The beginning of the 21st century noted a significant development in artificial intelligence. The story of the self-learning neural network was the first major advancement. By 2001, it had surpassed humans in specific areas, such as object classification and machine translation. Researchers enhanced its performance across various tasks over the next few years, thanks to advancements in the underlying technologies.
Then came the second significant advancement – the development of generative model-based reinforcement learning algorithms – that helped learn complex behaviours from very little data. For example, they can be used to learn to control a car within just 20 minutes of driving experience.
In addition to these two significant advancements, there were other considerable developments in AI in the last decade. Increased emphasis on using deep neural networks for computer vision tasks, such as object recognition and scene understanding; increased focus on using machine learning tools to process natural language, such as information extraction and question answering; and the growing interest in using the same tools for speech recognition tasks like automatic speech recognition (ASR) and speaker identification (SID) made this decade witness a major leap in the advancement around artificial intelligence.
The Future of AI. What AI will be Capable of In The Next Few Years or Decades?
Artificial intelligence has come a long way, but its giant leap is yet to come. Artificial general intelligence (AGI), which is capable of doing any intellectual task that an average human being can do, is still a ways off, but we’re already witnessing progress in other areas of AI, too. Here’s what you can expect soon:
Artificial intelligence will make more jobs obsolete as it can perform multiple tasks simultaneously.
The reason if you ask? If an AGI system can replace one person, you don’t need a single computer to complete the task; you can spread it among thousands or millions of computers. That is only possible because a general AI system can learn from prior experiences and improve itself, eliminating the need for reprogramming for each new task. Indeed, there is no reason for an AGI system to require humans at all; if it has learned enough, it could create its machines or find ways to automate entire industries.
The arrival of AI is revolutionizing the business environment and enhancing people’s living standards. Most industries will see significant transformations in the upcoming years, thanks to new-age technologies such as cloud computing, the Internet of Things (IoT), and Big Data Analytics. These aspects significantly impact how businesses work today and also find applications in fields such as military, healthcare, and infrastructure development.
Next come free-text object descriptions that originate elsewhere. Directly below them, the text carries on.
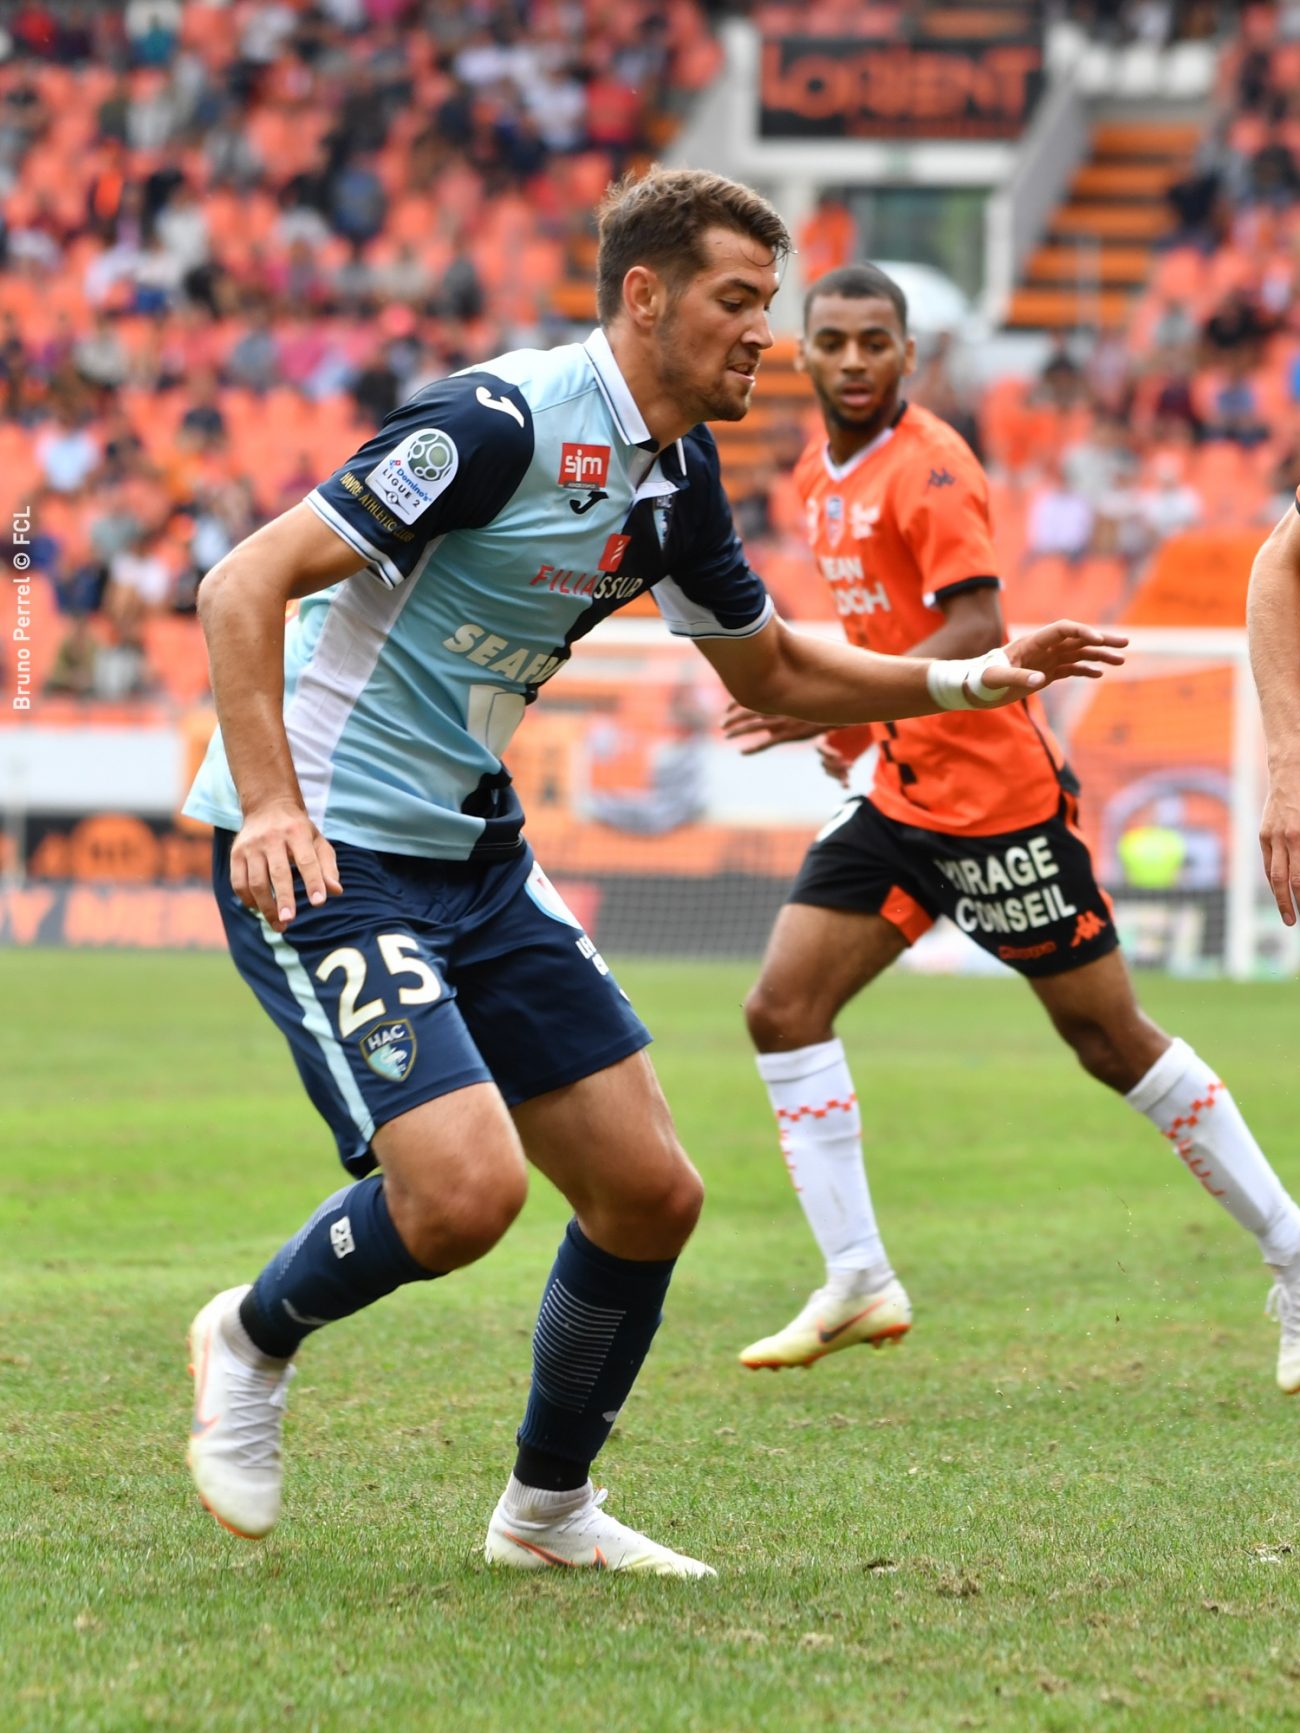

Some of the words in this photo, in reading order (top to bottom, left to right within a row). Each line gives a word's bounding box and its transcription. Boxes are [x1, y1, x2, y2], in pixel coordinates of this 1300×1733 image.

[339, 472, 364, 497] HAVRE
[358, 494, 397, 532] ATHLETIC
[382, 468, 412, 500] LIGUE
[412, 500, 421, 508] 2
[396, 467, 430, 502] Domino's
[934, 836, 1059, 896] VIRAGE
[955, 883, 1077, 933] CONSEIL
[315, 933, 442, 1039] 25
[368, 1024, 405, 1051] HAC
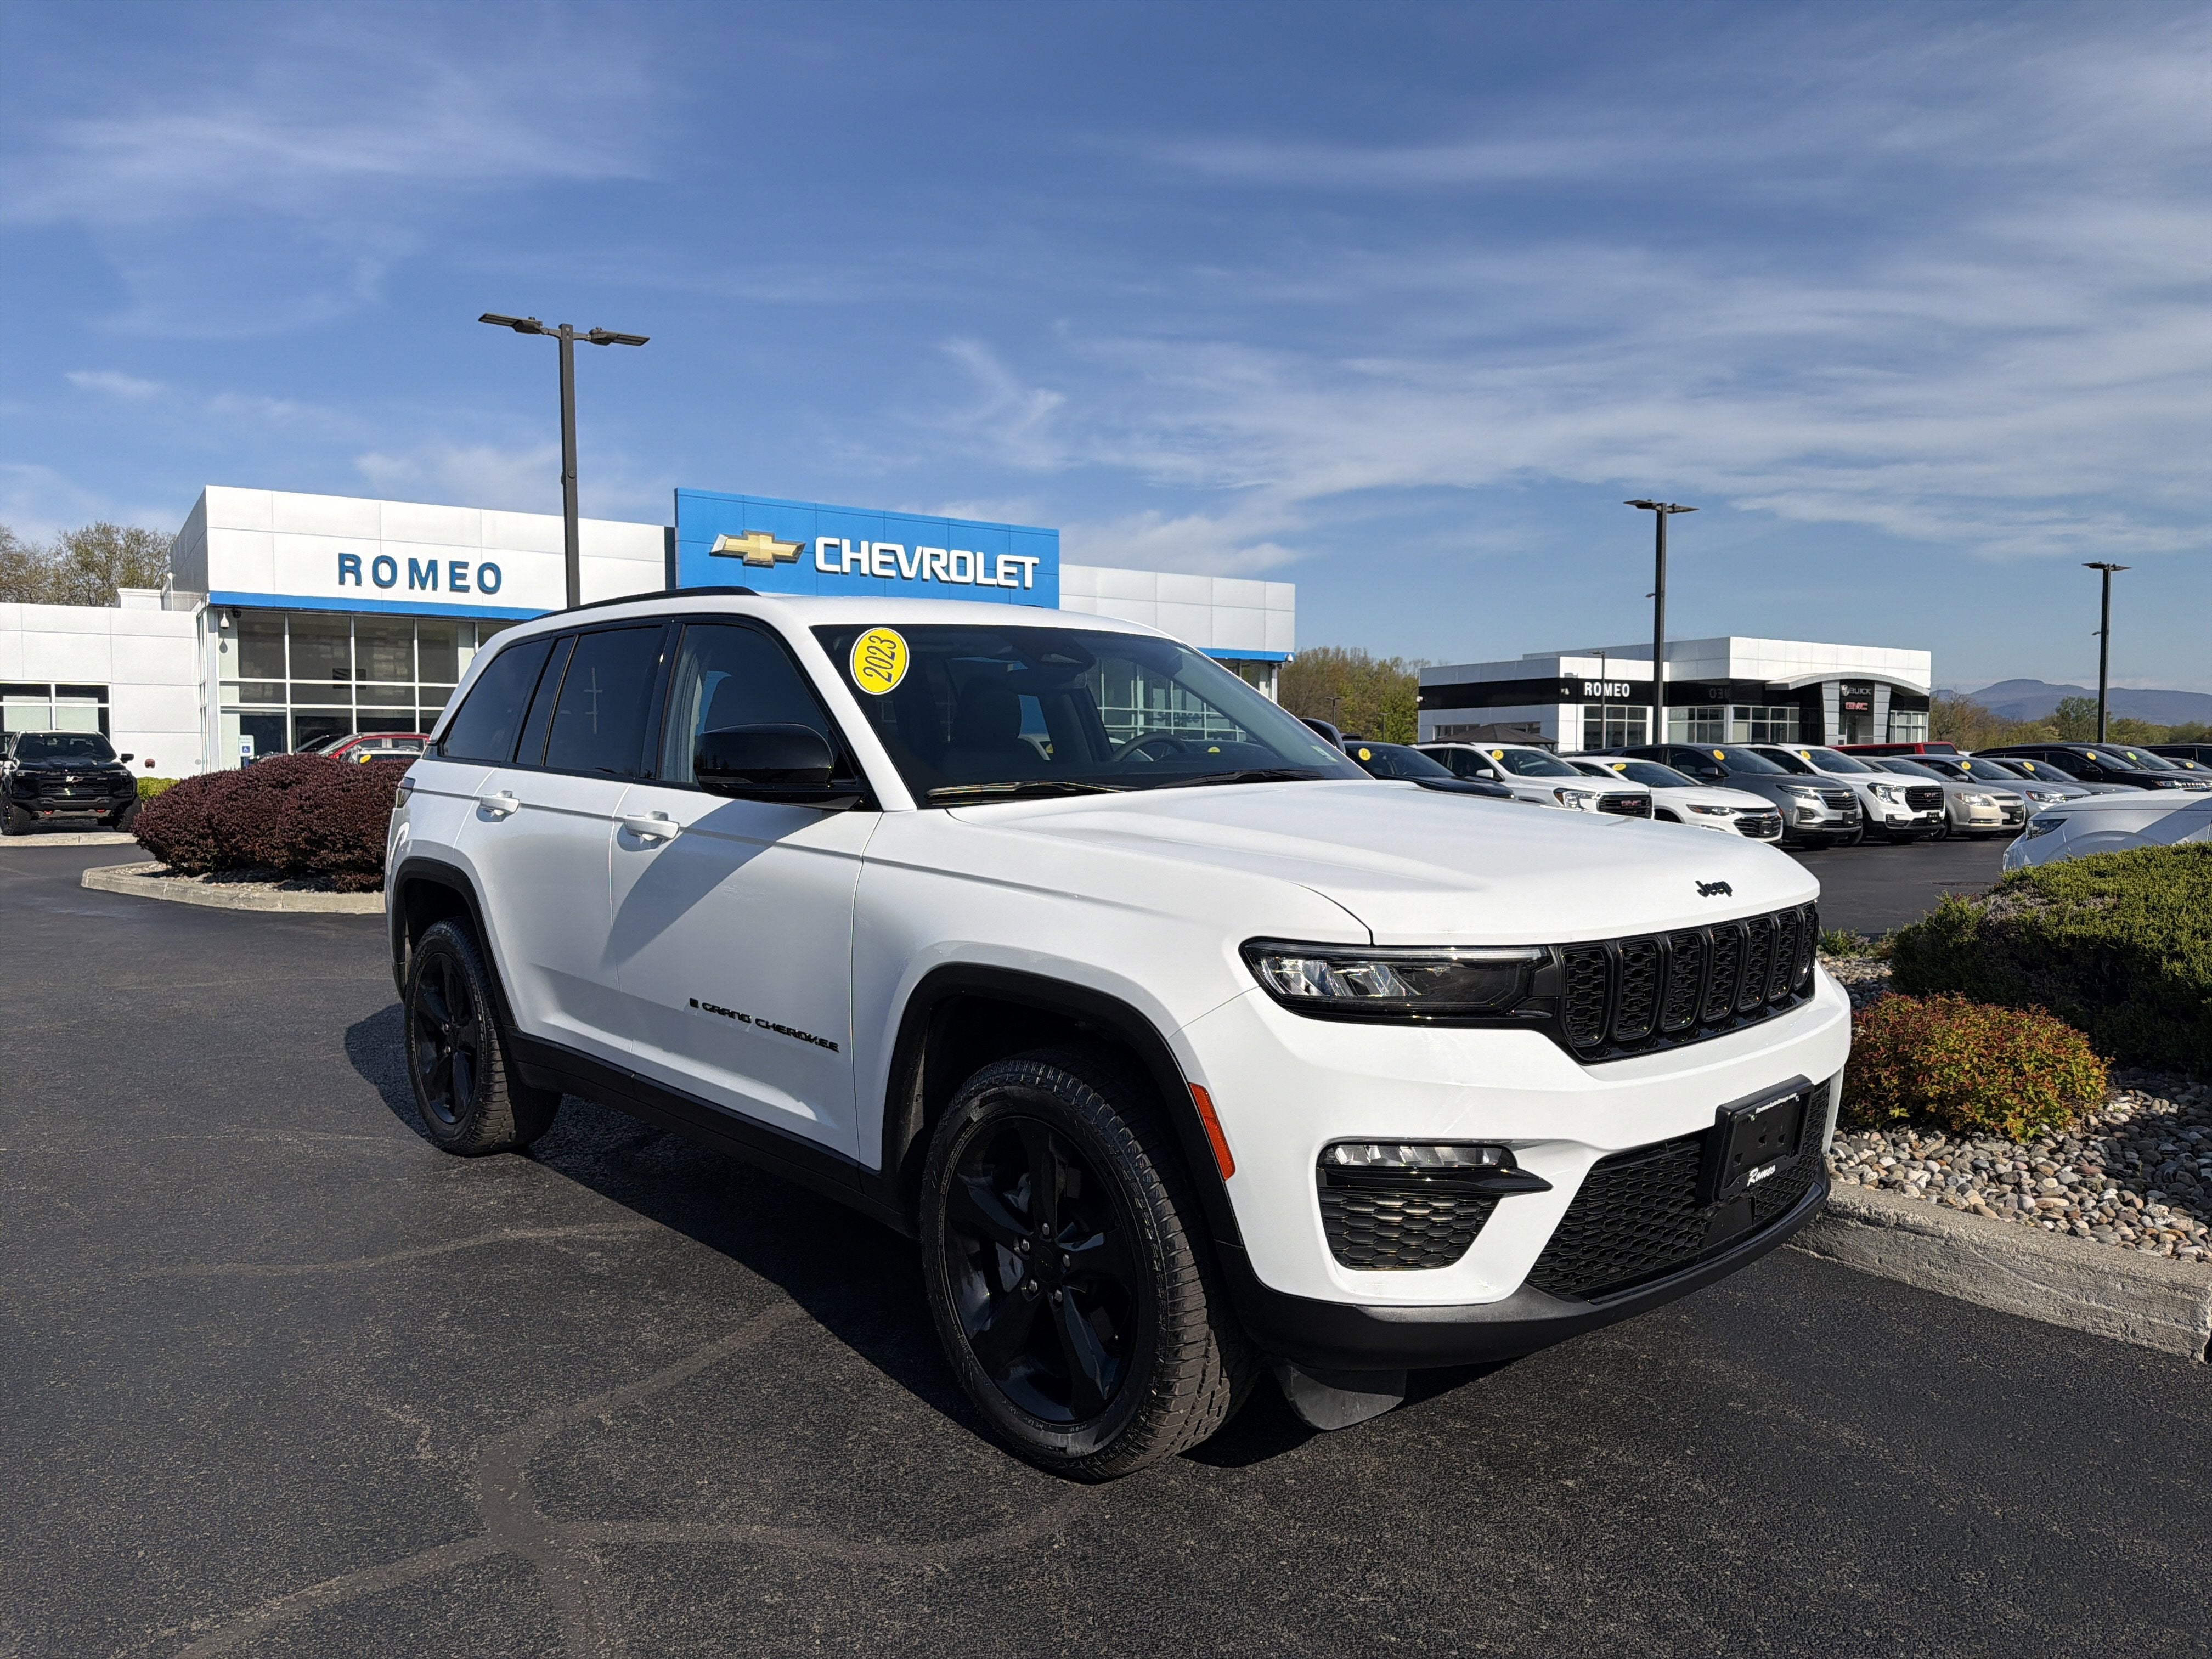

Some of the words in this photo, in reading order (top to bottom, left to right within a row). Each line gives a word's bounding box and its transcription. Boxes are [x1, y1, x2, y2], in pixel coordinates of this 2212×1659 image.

[338, 552, 502, 595] ROMEO
[815, 537, 1040, 589] CHEVROLET
[863, 635, 897, 684] 2023
[1584, 682, 1630, 697] ROMEO
[1845, 702, 1869, 710] GMC
[1695, 880, 1733, 897] Jeep
[702, 1002, 752, 1023] GRAND
[755, 1018, 840, 1053] CHEROKEE
[1747, 1164, 1776, 1187] Romeo
AI brings a realization of realistic simulations of the real world by building an engaging metaverse that appeals to millions of users seeking something to learn, create, and inhabit virtual worlds. People need to feel immersed in the environments in which they participate. AI makes This reality possible by making objects appear more realistic and enabling computer vision so users can interact with simulated objects with their body movements.